Start of RECORDS SHOWN
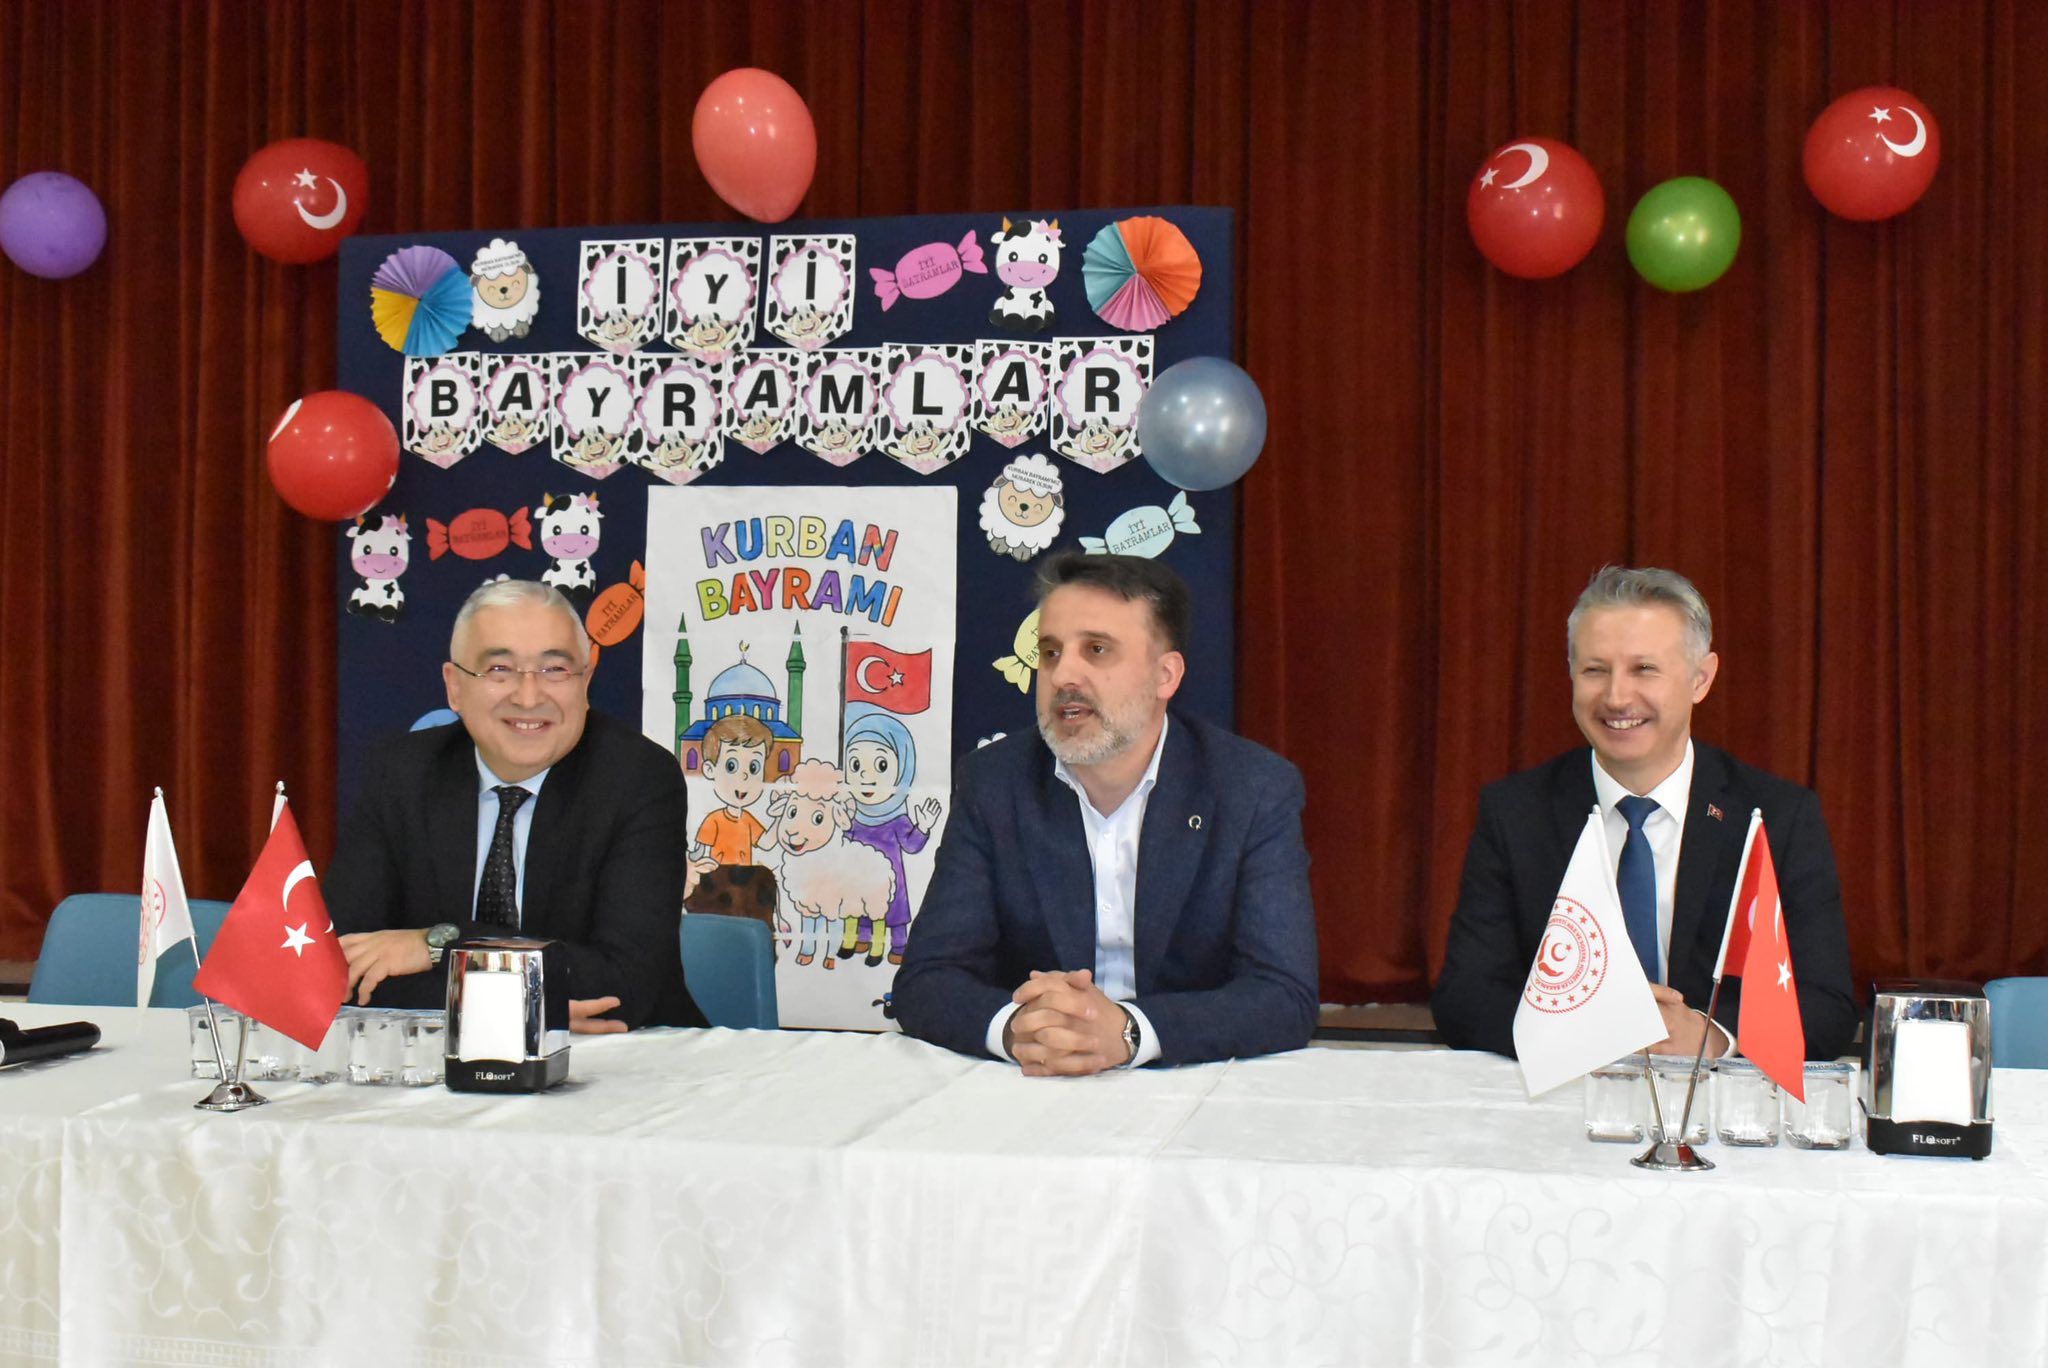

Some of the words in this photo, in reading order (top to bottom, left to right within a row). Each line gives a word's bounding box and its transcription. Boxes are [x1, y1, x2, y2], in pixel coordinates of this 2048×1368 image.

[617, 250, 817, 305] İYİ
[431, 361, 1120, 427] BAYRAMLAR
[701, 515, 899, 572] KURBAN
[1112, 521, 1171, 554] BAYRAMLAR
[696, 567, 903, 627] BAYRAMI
End of RECORDS SHOWN
▶ YOUR GOAL: Reproduce the records above word for word, without the images.

▶ EXERCISE ANSWER:
Some of the words in this photo, in reading order (top to bottom, left to right within a row). Each line gives a word's bounding box and its transcription. Boxes are [x1, y1, x2, y2], in pixel coordinates of this 2048×1368 image.

[617, 250, 817, 305] İYİ
[431, 361, 1120, 427] BAYRAMLAR
[701, 515, 899, 572] KURBAN
[1112, 521, 1171, 554] BAYRAMLAR
[696, 567, 903, 627] BAYRAMI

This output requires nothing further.